◆ **Work item**
Repeat the full listing exactly.

------ Data

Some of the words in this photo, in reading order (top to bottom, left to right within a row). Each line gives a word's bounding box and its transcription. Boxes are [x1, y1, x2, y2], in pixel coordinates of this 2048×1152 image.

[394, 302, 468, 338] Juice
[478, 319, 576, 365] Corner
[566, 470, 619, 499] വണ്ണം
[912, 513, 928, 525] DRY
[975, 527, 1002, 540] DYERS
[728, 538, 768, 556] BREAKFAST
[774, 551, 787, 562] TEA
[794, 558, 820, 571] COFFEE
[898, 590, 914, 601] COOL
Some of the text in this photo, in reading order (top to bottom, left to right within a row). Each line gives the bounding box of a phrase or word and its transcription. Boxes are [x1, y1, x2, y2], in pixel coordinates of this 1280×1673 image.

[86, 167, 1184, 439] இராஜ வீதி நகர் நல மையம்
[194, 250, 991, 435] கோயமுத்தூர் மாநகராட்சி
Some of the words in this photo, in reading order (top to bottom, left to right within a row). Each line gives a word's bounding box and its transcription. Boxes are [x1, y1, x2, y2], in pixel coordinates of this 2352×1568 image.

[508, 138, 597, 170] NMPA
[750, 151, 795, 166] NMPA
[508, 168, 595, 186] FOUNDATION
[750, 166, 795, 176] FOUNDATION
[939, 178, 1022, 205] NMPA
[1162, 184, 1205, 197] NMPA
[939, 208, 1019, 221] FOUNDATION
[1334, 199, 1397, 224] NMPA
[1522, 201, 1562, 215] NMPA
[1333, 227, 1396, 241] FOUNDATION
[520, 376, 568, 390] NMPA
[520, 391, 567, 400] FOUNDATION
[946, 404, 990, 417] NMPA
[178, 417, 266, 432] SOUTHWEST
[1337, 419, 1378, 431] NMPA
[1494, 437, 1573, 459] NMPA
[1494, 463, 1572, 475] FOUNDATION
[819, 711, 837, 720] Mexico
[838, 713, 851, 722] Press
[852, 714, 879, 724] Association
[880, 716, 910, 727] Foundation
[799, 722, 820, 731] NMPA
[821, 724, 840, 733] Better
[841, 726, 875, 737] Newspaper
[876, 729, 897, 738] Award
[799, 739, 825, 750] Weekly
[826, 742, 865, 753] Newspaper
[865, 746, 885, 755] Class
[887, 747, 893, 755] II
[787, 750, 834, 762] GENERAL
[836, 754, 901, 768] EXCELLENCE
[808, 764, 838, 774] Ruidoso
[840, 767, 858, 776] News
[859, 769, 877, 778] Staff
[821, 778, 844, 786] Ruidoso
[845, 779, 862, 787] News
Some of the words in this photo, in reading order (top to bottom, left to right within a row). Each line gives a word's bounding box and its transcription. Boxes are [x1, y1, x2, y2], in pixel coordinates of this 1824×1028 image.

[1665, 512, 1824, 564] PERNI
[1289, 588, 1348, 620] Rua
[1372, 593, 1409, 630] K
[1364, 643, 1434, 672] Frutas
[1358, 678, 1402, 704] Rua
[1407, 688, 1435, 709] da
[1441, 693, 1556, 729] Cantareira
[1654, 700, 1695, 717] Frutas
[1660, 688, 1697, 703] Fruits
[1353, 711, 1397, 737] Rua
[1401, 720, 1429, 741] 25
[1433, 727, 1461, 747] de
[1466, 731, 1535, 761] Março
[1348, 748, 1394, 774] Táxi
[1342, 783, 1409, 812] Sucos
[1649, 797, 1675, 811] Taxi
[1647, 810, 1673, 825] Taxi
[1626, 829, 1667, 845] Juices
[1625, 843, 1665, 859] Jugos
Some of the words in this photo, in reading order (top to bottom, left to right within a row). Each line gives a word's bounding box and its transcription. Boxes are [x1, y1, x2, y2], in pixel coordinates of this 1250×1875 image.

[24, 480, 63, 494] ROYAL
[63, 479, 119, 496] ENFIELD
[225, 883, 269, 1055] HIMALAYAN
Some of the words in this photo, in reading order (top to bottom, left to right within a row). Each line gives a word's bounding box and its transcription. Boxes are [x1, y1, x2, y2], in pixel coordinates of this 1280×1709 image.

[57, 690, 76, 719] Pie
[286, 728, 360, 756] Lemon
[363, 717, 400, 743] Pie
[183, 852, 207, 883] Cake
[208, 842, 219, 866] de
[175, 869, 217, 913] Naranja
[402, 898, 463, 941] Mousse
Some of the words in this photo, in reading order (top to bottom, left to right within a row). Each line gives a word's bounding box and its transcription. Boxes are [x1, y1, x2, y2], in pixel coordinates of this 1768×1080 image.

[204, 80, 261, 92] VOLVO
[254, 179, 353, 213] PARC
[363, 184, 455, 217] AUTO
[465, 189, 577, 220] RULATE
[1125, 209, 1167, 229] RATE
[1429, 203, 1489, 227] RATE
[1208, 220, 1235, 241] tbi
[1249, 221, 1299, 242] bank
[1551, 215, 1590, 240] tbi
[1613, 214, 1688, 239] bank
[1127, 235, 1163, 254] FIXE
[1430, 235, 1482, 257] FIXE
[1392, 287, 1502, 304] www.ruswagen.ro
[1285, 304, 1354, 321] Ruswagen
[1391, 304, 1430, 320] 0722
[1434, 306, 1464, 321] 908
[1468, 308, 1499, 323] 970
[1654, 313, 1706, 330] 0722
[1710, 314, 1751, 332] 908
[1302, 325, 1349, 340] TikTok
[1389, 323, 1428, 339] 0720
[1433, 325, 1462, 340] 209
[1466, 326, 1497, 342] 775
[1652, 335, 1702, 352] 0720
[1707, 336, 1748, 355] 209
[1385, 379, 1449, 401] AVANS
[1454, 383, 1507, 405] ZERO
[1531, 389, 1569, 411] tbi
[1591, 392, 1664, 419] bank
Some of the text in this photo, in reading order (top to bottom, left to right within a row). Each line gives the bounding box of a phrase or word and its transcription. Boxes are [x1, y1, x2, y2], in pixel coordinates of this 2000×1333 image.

------------

◆ **Response**
Some of the words in this photo, in reading order (top to bottom, left to right within a row). Each line gives a word's bounding box and its transcription. Boxes are [x1, y1, x2, y2], in pixel coordinates of this 2048×1152 image.

[394, 302, 468, 338] Juice
[478, 319, 576, 365] Corner
[566, 470, 619, 499] വണ്ണം
[912, 513, 928, 525] DRY
[975, 527, 1002, 540] DYERS
[728, 538, 768, 556] BREAKFAST
[774, 551, 787, 562] TEA
[794, 558, 820, 571] COFFEE
[898, 590, 914, 601] COOL
Some of the text in this photo, in reading order (top to bottom, left to right within a row). Each line gives the bounding box of a phrase or word and its transcription. Boxes are [x1, y1, x2, y2], in pixel coordinates of this 1280×1673 image.

[86, 167, 1184, 439] இராஜ வீதி நகர் நல மையம்
[194, 250, 991, 435] கோயமுத்தூர் மாநகராட்சி
Some of the words in this photo, in reading order (top to bottom, left to right within a row). Each line gives a word's bounding box and its transcription. Boxes are [x1, y1, x2, y2], in pixel coordinates of this 2352×1568 image.

[508, 138, 597, 170] NMPA
[750, 151, 795, 166] NMPA
[508, 168, 595, 186] FOUNDATION
[750, 166, 795, 176] FOUNDATION
[939, 178, 1022, 205] NMPA
[1162, 184, 1205, 197] NMPA
[939, 208, 1019, 221] FOUNDATION
[1334, 199, 1397, 224] NMPA
[1522, 201, 1562, 215] NMPA
[1333, 227, 1396, 241] FOUNDATION
[520, 376, 568, 390] NMPA
[520, 391, 567, 400] FOUNDATION
[946, 404, 990, 417] NMPA
[178, 417, 266, 432] SOUTHWEST
[1337, 419, 1378, 431] NMPA
[1494, 437, 1573, 459] NMPA
[1494, 463, 1572, 475] FOUNDATION
[819, 711, 837, 720] Mexico
[838, 713, 851, 722] Press
[852, 714, 879, 724] Association
[880, 716, 910, 727] Foundation
[799, 722, 820, 731] NMPA
[821, 724, 840, 733] Better
[841, 726, 875, 737] Newspaper
[876, 729, 897, 738] Award
[799, 739, 825, 750] Weekly
[826, 742, 865, 753] Newspaper
[865, 746, 885, 755] Class
[887, 747, 893, 755] II
[787, 750, 834, 762] GENERAL
[836, 754, 901, 768] EXCELLENCE
[808, 764, 838, 774] Ruidoso
[840, 767, 858, 776] News
[859, 769, 877, 778] Staff
[821, 778, 844, 786] Ruidoso
[845, 779, 862, 787] News
Some of the words in this photo, in reading order (top to bottom, left to right within a row). Each line gives a word's bounding box and its transcription. Boxes are [x1, y1, x2, y2], in pixel coordinates of this 1824×1028 image.

[1665, 512, 1824, 564] PERNI
[1289, 588, 1348, 620] Rua
[1372, 593, 1409, 630] K
[1364, 643, 1434, 672] Frutas
[1358, 678, 1402, 704] Rua
[1407, 688, 1435, 709] da
[1441, 693, 1556, 729] Cantareira
[1654, 700, 1695, 717] Frutas
[1660, 688, 1697, 703] Fruits
[1353, 711, 1397, 737] Rua
[1401, 720, 1429, 741] 25
[1433, 727, 1461, 747] de
[1466, 731, 1535, 761] Março
[1348, 748, 1394, 774] Táxi
[1342, 783, 1409, 812] Sucos
[1649, 797, 1675, 811] Taxi
[1647, 810, 1673, 825] Taxi
[1626, 829, 1667, 845] Juices
[1625, 843, 1665, 859] Jugos
Some of the words in this photo, in reading order (top to bottom, left to right within a row). Each line gives a word's bounding box and its transcription. Boxes are [x1, y1, x2, y2], in pixel coordinates of this 1250×1875 image.

[24, 480, 63, 494] ROYAL
[63, 479, 119, 496] ENFIELD
[225, 883, 269, 1055] HIMALAYAN
Some of the words in this photo, in reading order (top to bottom, left to right within a row). Each line gives a word's bounding box and its transcription. Boxes are [x1, y1, x2, y2], in pixel coordinates of this 1280×1709 image.

[57, 690, 76, 719] Pie
[286, 728, 360, 756] Lemon
[363, 717, 400, 743] Pie
[183, 852, 207, 883] Cake
[208, 842, 219, 866] de
[175, 869, 217, 913] Naranja
[402, 898, 463, 941] Mousse
Some of the words in this photo, in reading order (top to bottom, left to right within a row). Each line gives a word's bounding box and its transcription. Boxes are [x1, y1, x2, y2], in pixel coordinates of this 1768×1080 image.

[204, 80, 261, 92] VOLVO
[254, 179, 353, 213] PARC
[363, 184, 455, 217] AUTO
[465, 189, 577, 220] RULATE
[1125, 209, 1167, 229] RATE
[1429, 203, 1489, 227] RATE
[1208, 220, 1235, 241] tbi
[1249, 221, 1299, 242] bank
[1551, 215, 1590, 240] tbi
[1613, 214, 1688, 239] bank
[1127, 235, 1163, 254] FIXE
[1430, 235, 1482, 257] FIXE
[1392, 287, 1502, 304] www.ruswagen.ro
[1285, 304, 1354, 321] Ruswagen
[1391, 304, 1430, 320] 0722
[1434, 306, 1464, 321] 908
[1468, 308, 1499, 323] 970
[1654, 313, 1706, 330] 0722
[1710, 314, 1751, 332] 908
[1302, 325, 1349, 340] TikTok
[1389, 323, 1428, 339] 0720
[1433, 325, 1462, 340] 209
[1466, 326, 1497, 342] 775
[1652, 335, 1702, 352] 0720
[1707, 336, 1748, 355] 209
[1385, 379, 1449, 401] AVANS
[1454, 383, 1507, 405] ZERO
[1531, 389, 1569, 411] tbi
[1591, 392, 1664, 419] bank
Some of the text in this photo, in reading order (top to bottom, left to right within a row). Each line gives the bounding box of a phrase or word and its transcription. Boxes are [x1, y1, x2, y2], in pixel coordinates of this 2000×1333 image.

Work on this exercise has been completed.